*EXERCISE REQUIREMENTS*: Any pictures should be dropped; everything else in the records is to be returned exactly.

————————

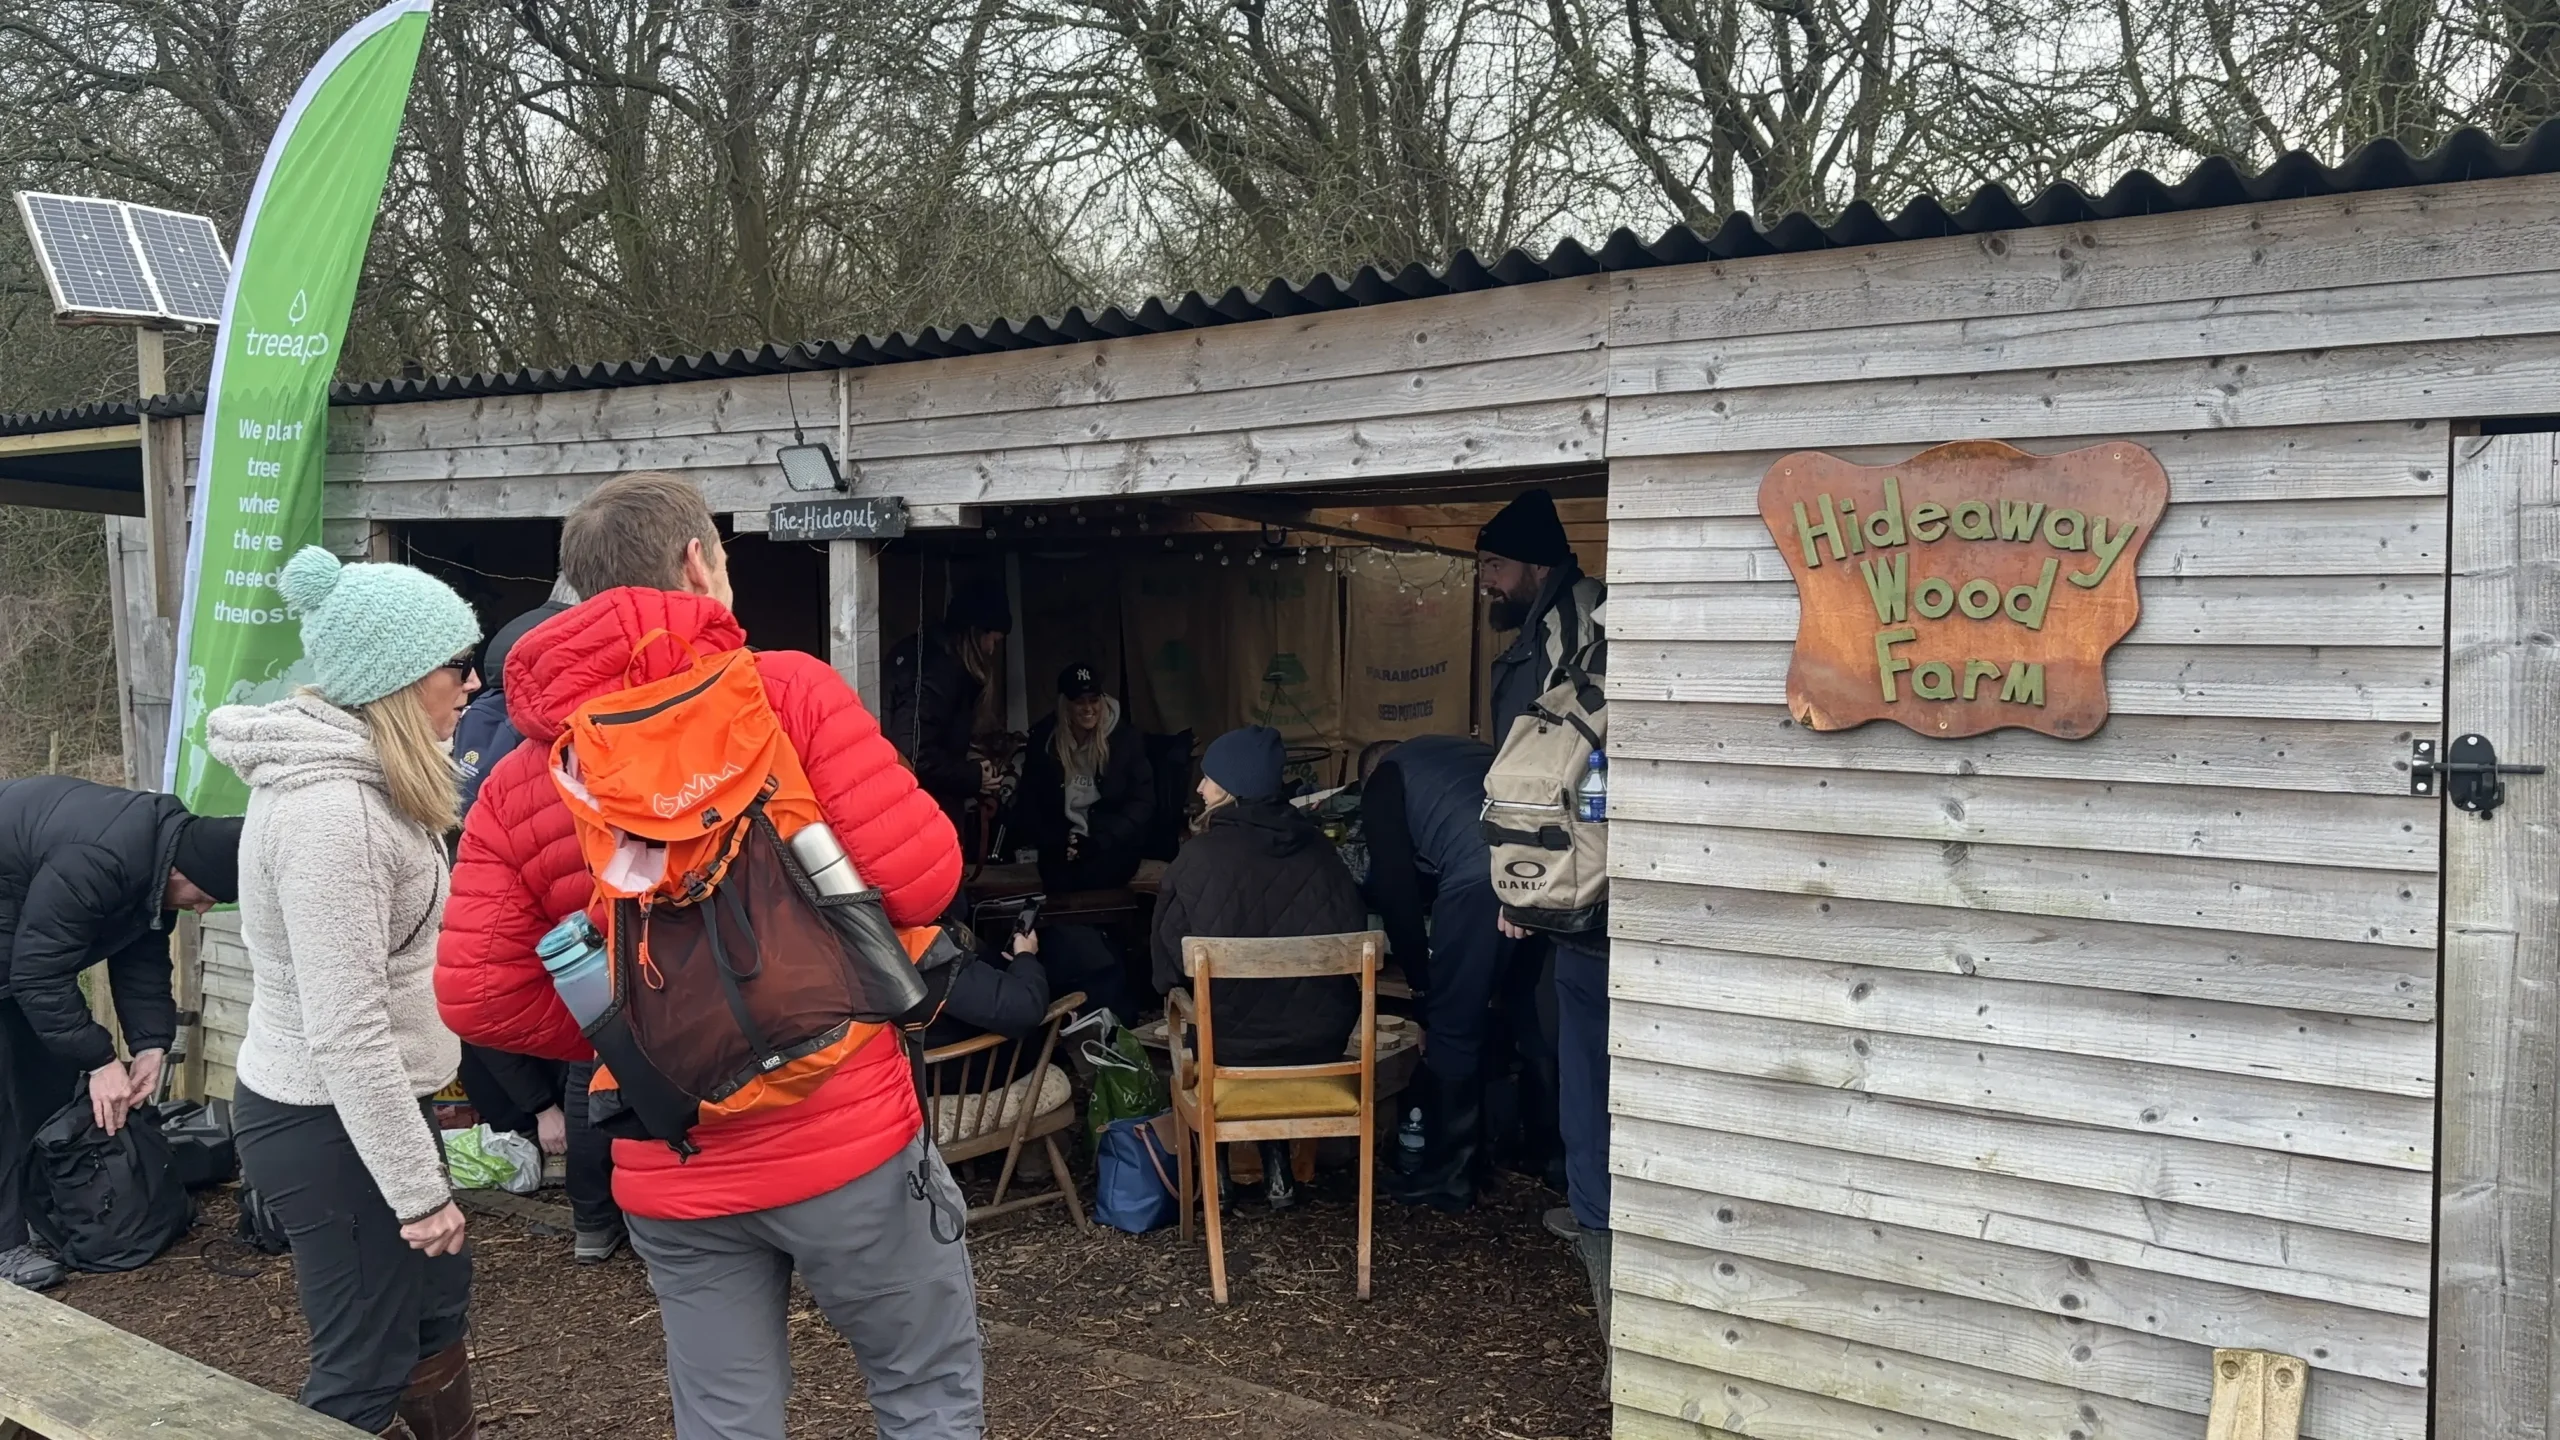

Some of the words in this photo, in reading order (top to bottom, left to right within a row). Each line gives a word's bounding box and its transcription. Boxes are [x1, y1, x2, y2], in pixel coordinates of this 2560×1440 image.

[239, 418, 262, 440] We
[264, 419, 303, 446] plat
[771, 507, 800, 531] The
[800, 502, 877, 531] Hideout
[1793, 476, 2138, 588] Hideaway
[1859, 552, 2060, 630] Wood
[1365, 660, 1448, 682] PARAMOUNT
[1874, 627, 2046, 707] Farm
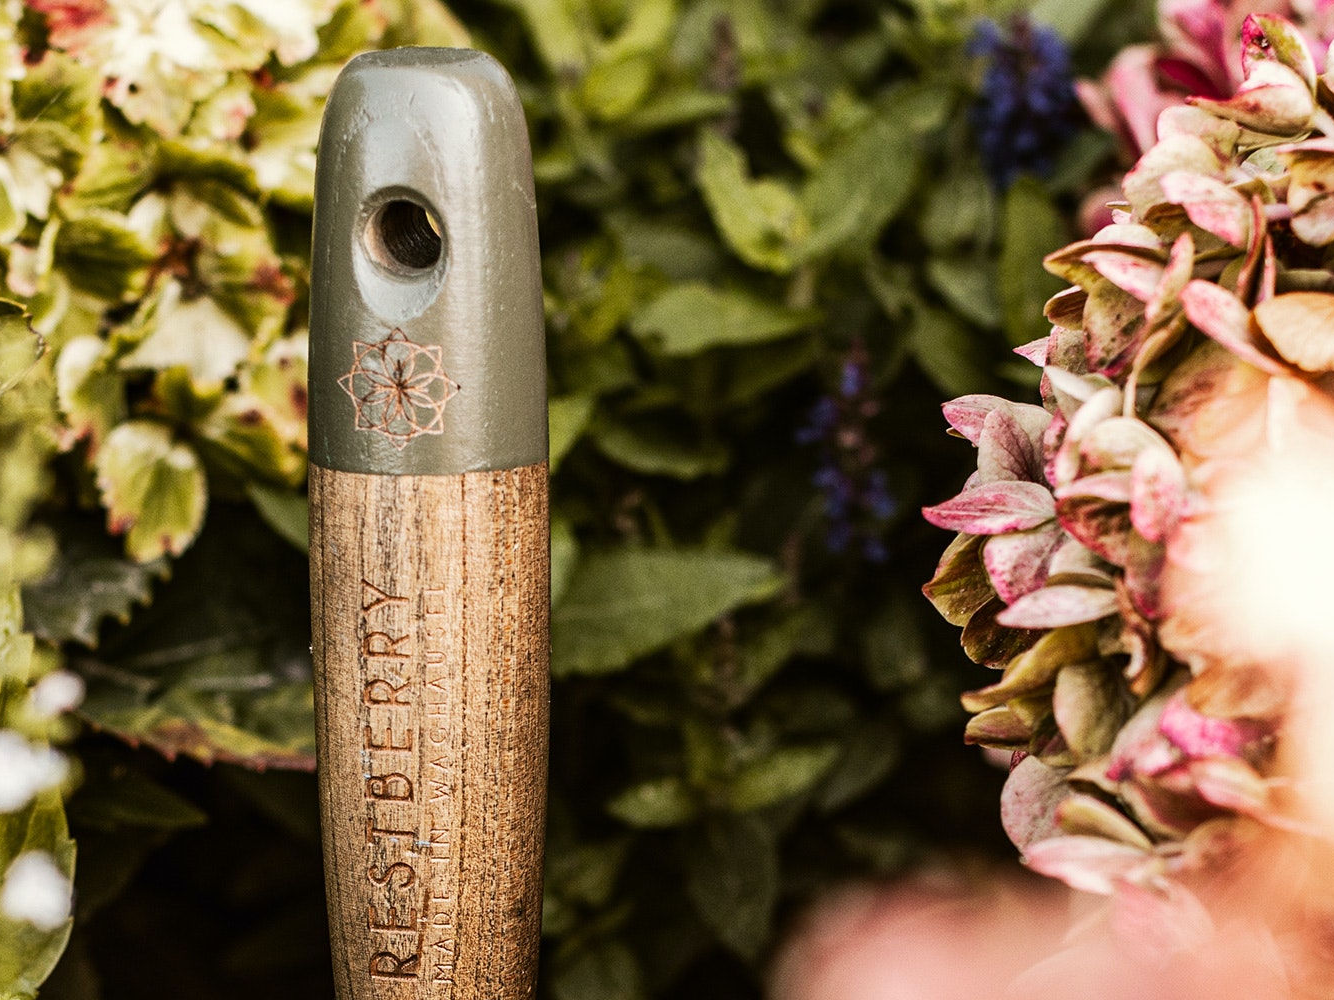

————————

*EXERCISE RESPONSE*:
Some of the words in this photo, in reading order (top to bottom, left to right within a row). Each line gives a word's bounding box and its transcription. Boxes are [x1, y1, x2, y2], in pixel coordinates of this 2560×1440 image.

[239, 418, 262, 440] We
[264, 419, 303, 446] plat
[771, 507, 800, 531] The
[800, 502, 877, 531] Hideout
[1793, 476, 2138, 588] Hideaway
[1859, 552, 2060, 630] Wood
[1365, 660, 1448, 682] PARAMOUNT
[1874, 627, 2046, 707] Farm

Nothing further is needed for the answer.